- _Exercise prompt_:
Straight copy, no pictures: transcribe each entry as it stands.

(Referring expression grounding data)
* * *
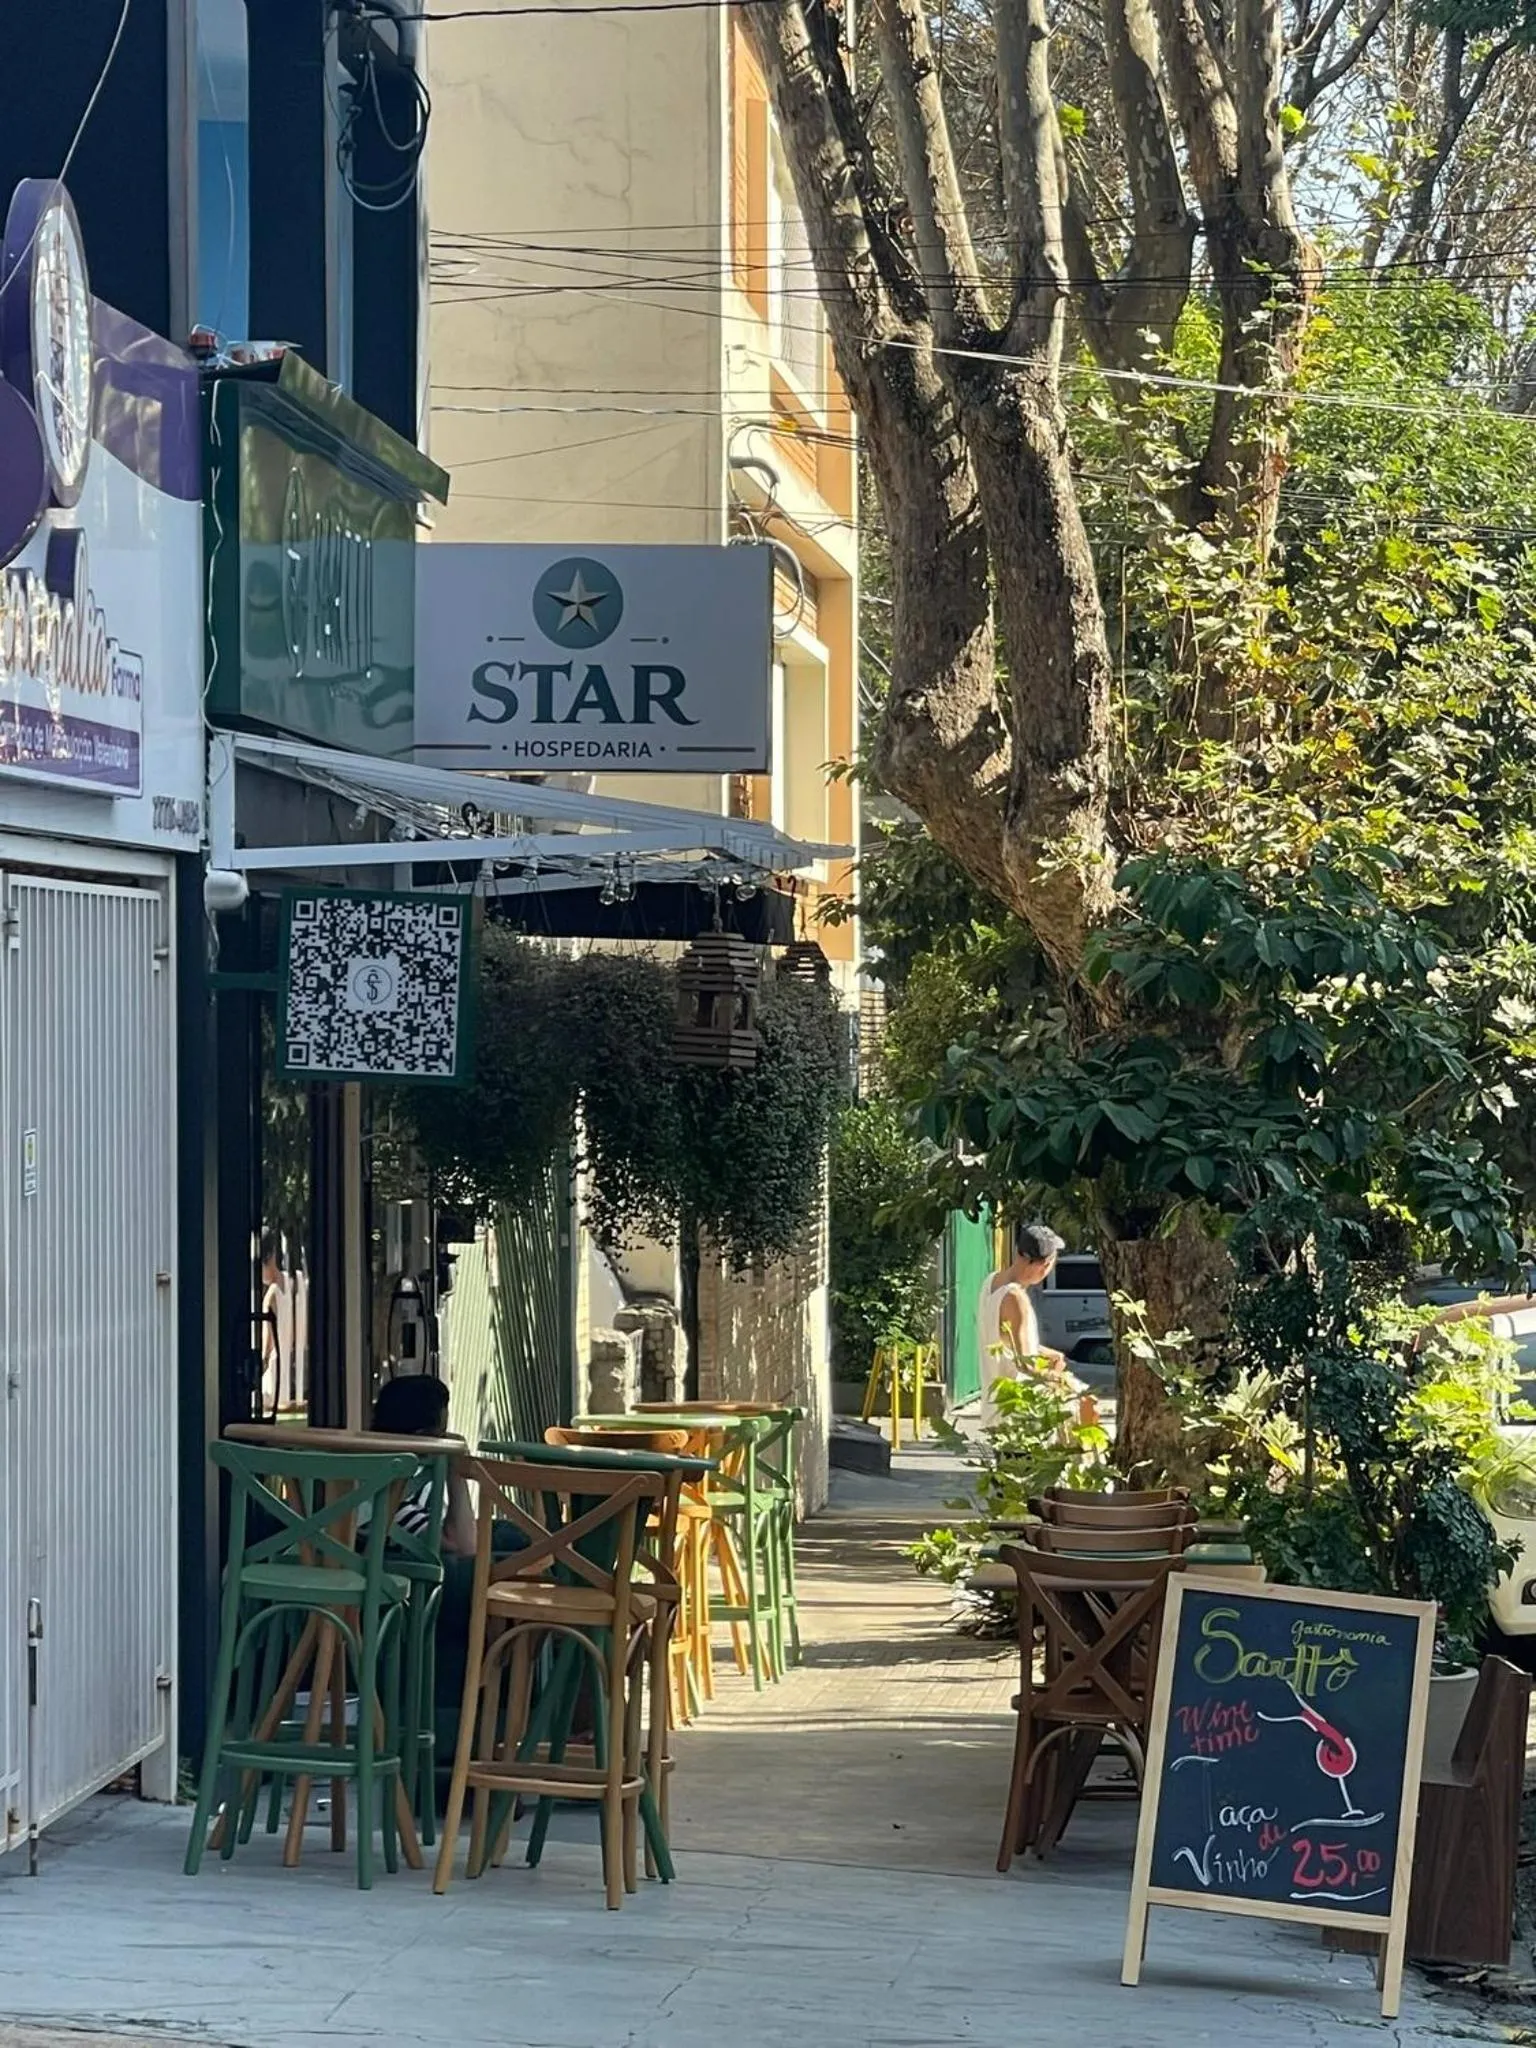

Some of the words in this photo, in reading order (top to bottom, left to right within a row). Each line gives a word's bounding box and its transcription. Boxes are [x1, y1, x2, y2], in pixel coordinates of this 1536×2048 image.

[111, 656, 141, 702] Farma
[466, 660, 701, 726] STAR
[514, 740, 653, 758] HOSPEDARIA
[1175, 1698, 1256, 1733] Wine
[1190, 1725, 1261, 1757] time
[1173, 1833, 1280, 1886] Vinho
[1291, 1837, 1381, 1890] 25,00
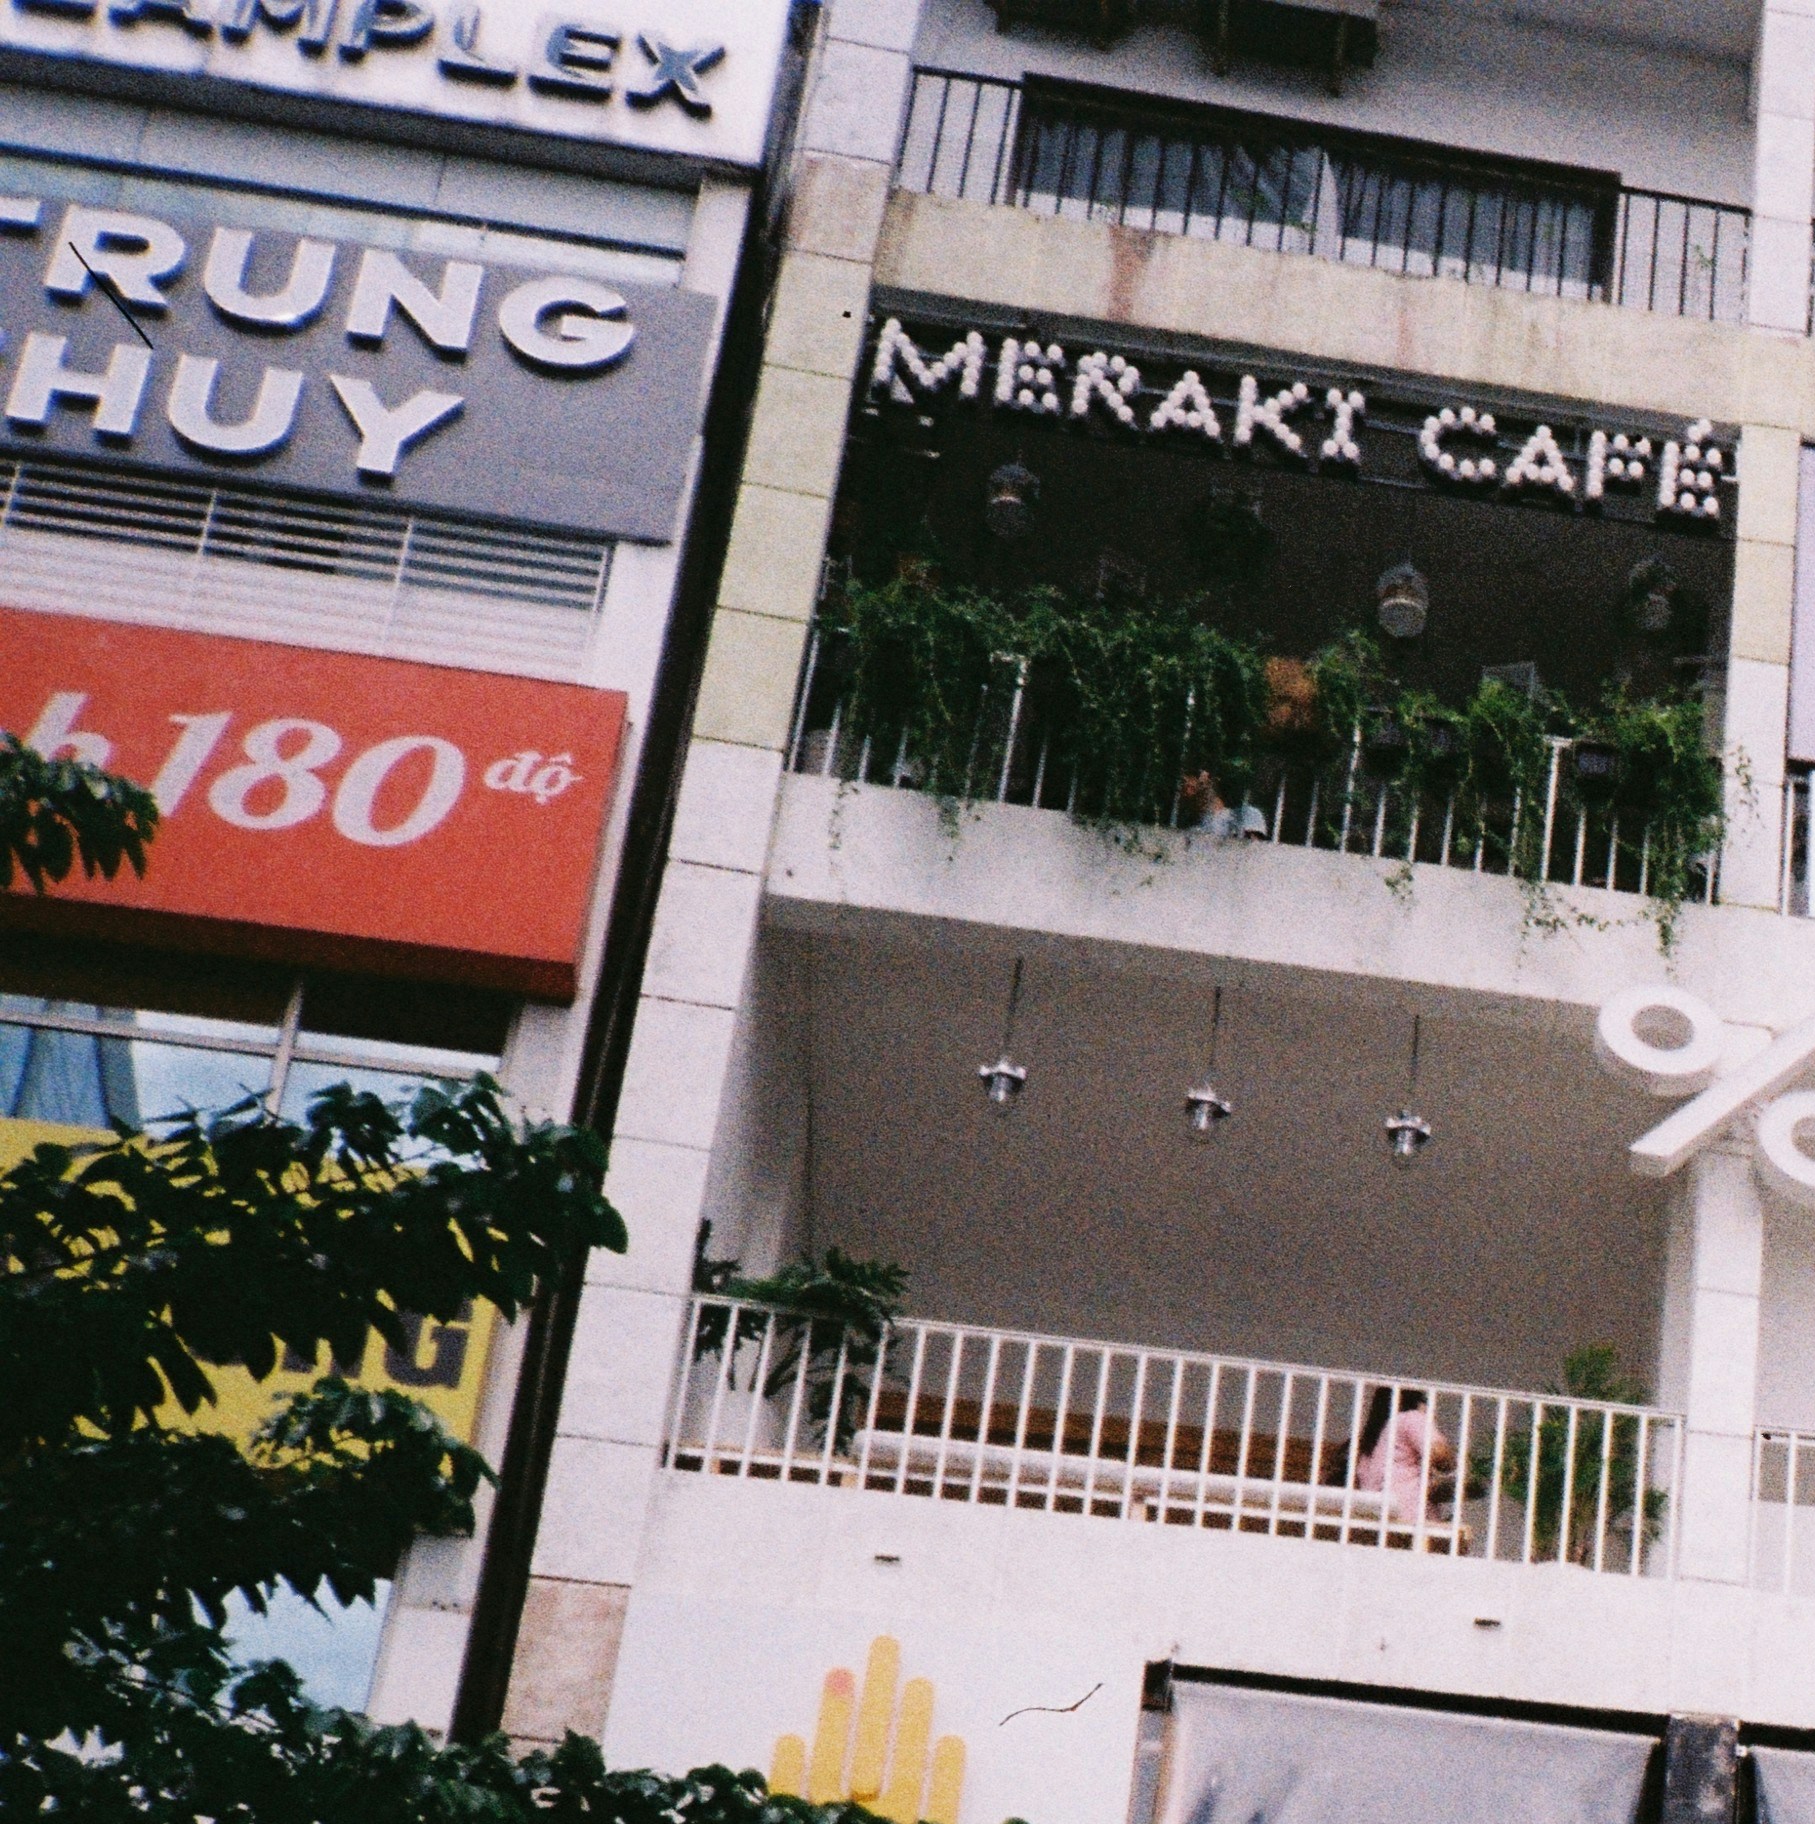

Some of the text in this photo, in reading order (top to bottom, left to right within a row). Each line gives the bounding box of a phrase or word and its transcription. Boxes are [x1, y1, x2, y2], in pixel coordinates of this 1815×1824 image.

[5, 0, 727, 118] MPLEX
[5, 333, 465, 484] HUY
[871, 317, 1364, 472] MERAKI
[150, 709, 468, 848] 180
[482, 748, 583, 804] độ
* * *
- _Response to the task_:
Some of the words in this photo, in reading order (top to bottom, left to right within a row). Each line gives a word's bounding box and its transcription. Boxes are [x1, y1, x2, y2], in pixel coordinates of this 1536×2048 image.

[111, 656, 141, 702] Farma
[466, 660, 701, 726] STAR
[514, 740, 653, 758] HOSPEDARIA
[1175, 1698, 1256, 1733] Wine
[1190, 1725, 1261, 1757] time
[1173, 1833, 1280, 1886] Vinho
[1291, 1837, 1381, 1890] 25,00

Some of the text in this photo, in reading order (top to bottom, left to right within a row). Each line gives the bounding box of a phrase or word and its transcription. Boxes are [x1, y1, x2, y2], in pixel coordinates of this 1815×1824 image.

[5, 0, 727, 118] MPLEX
[5, 333, 465, 484] HUY
[871, 317, 1364, 472] MERAKI
[150, 709, 468, 848] 180
[482, 748, 583, 804] độ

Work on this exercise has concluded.